[Start of section]

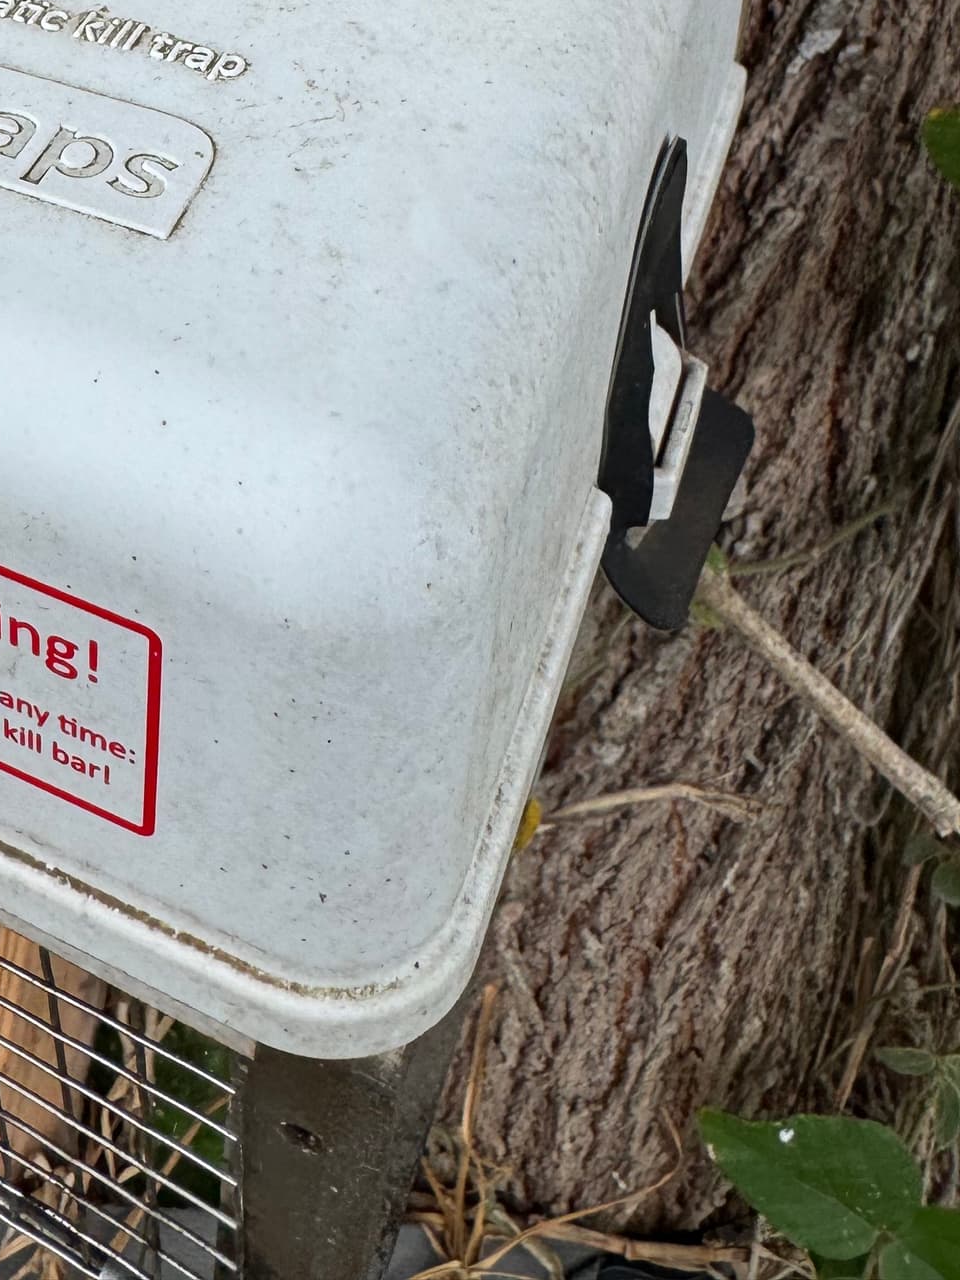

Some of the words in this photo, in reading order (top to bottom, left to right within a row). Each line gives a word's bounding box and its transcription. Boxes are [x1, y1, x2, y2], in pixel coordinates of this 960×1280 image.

[72, 9, 148, 51] kill
[149, 32, 249, 81] trap
[3, 718, 42, 754] kill
[52, 741, 111, 785] bar!
[57, 713, 137, 764] time:
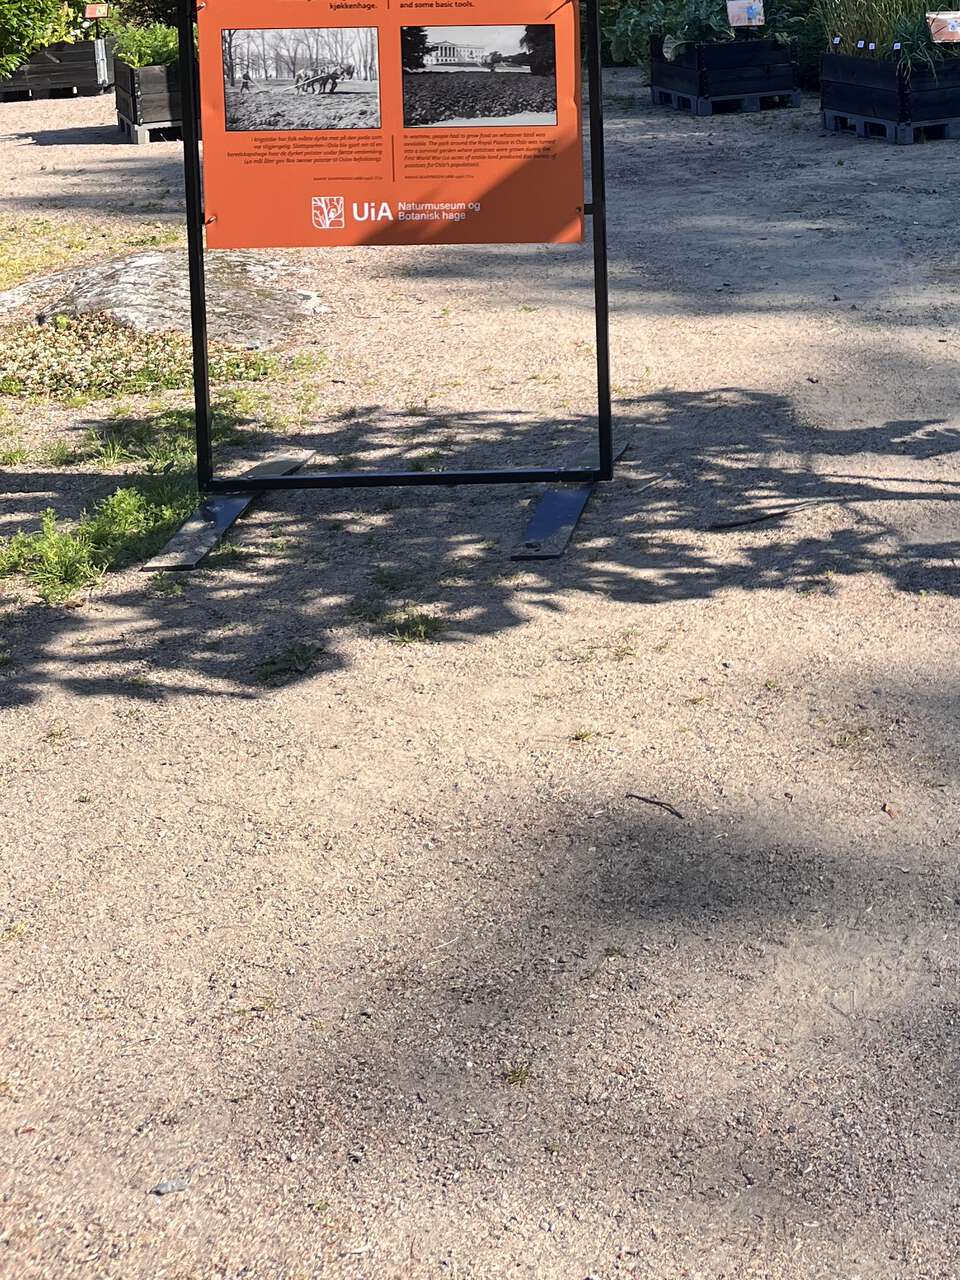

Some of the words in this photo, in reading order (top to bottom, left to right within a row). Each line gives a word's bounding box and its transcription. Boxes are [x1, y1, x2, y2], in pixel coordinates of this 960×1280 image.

[400, 0, 413, 8] and
[353, 202, 394, 221] UiA
[398, 201, 466, 211] Naturmuseum
[468, 203, 480, 212] og
[398, 211, 440, 221] Botanisk
[442, 211, 466, 222] hage
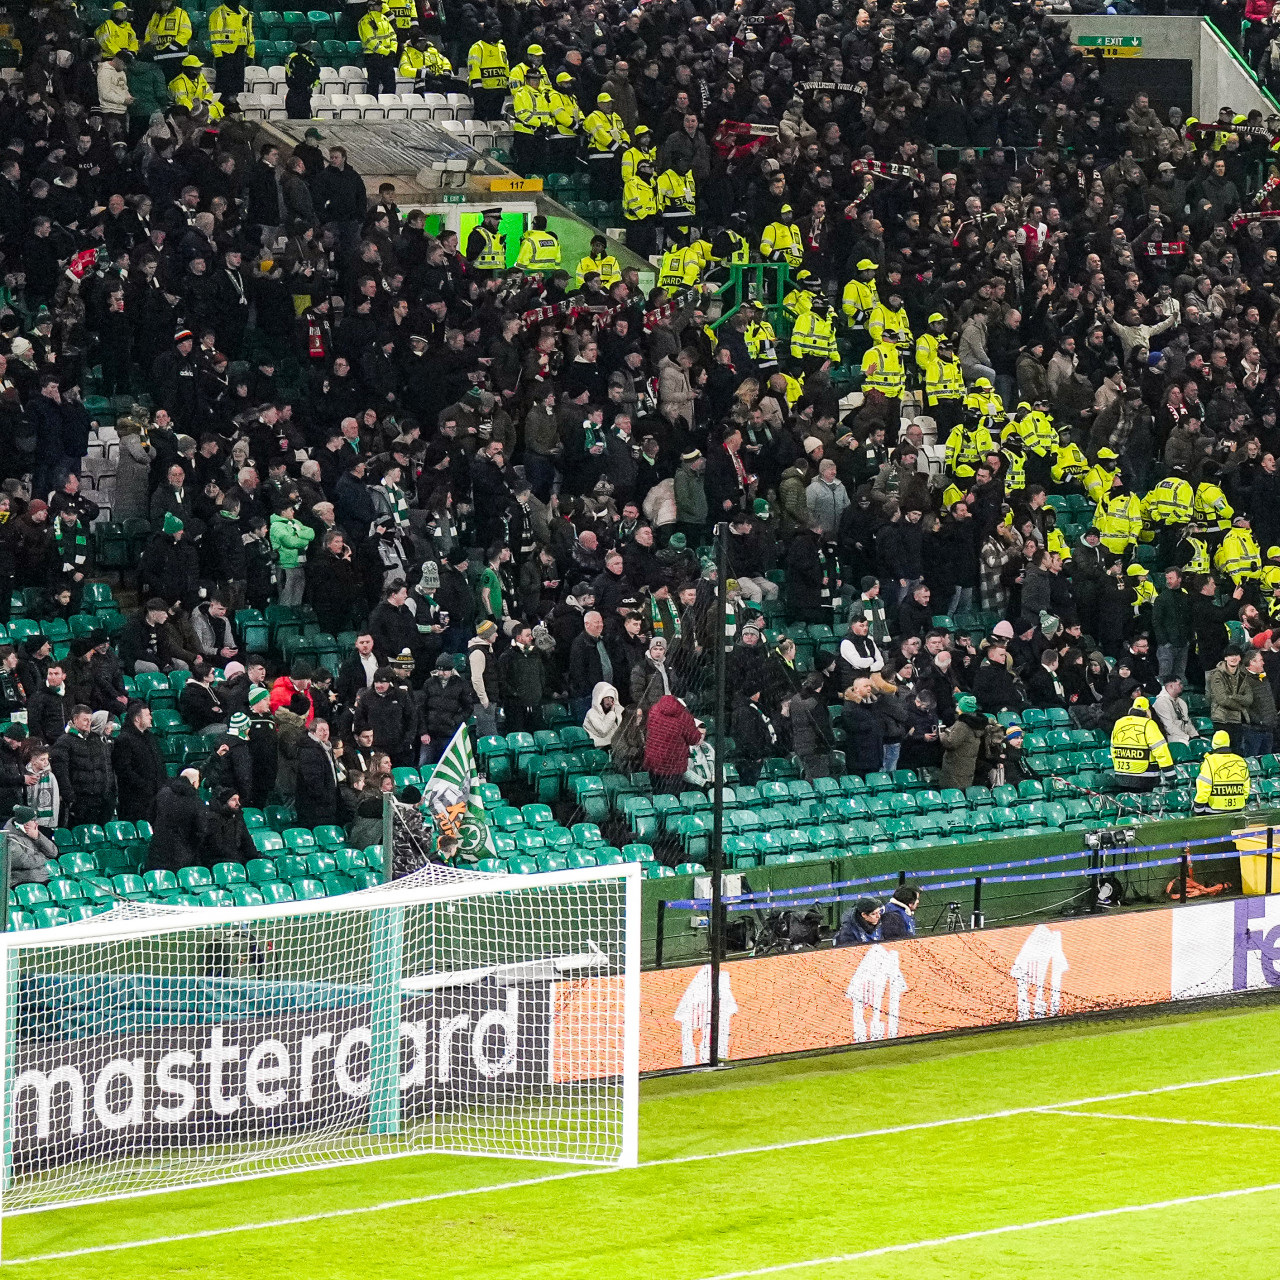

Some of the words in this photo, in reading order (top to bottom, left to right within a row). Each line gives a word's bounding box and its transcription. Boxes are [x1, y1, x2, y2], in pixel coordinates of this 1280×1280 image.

[End of section]

EXERCISE DIRECTIONS. Every line above should be output exactly, except for the pictures.

ANSWER FOR THE TASK.
Some of the words in this photo, in reading order (top to bottom, left to right within a row). Each line gives a word's bounding box and its transcription. Boxes are [x1, y1, x2, y2], in pixel coordinates of this 960×1280 image.

[72, 9, 148, 51] kill
[149, 32, 249, 81] trap
[3, 718, 42, 754] kill
[52, 741, 111, 785] bar!
[57, 713, 137, 764] time:

Some of the words in this photo, in reading order (top to bottom, left to right within a row). Each line gives a word's bounding box and its transcription. Boxes are [x1, y1, x2, y2], in pixel coordinates of this 960×1280 image.

[400, 0, 413, 8] and
[353, 202, 394, 221] UiA
[398, 201, 466, 211] Naturmuseum
[468, 203, 480, 212] og
[398, 211, 440, 221] Botanisk
[442, 211, 466, 222] hage

Some of the words in this photo, in reading order (top to bottom, left to right within a row). Each line gives a word's bounding box and its transcription. Boxes are [x1, y1, x2, y2], in pixel coordinates of this 1280×1280 image.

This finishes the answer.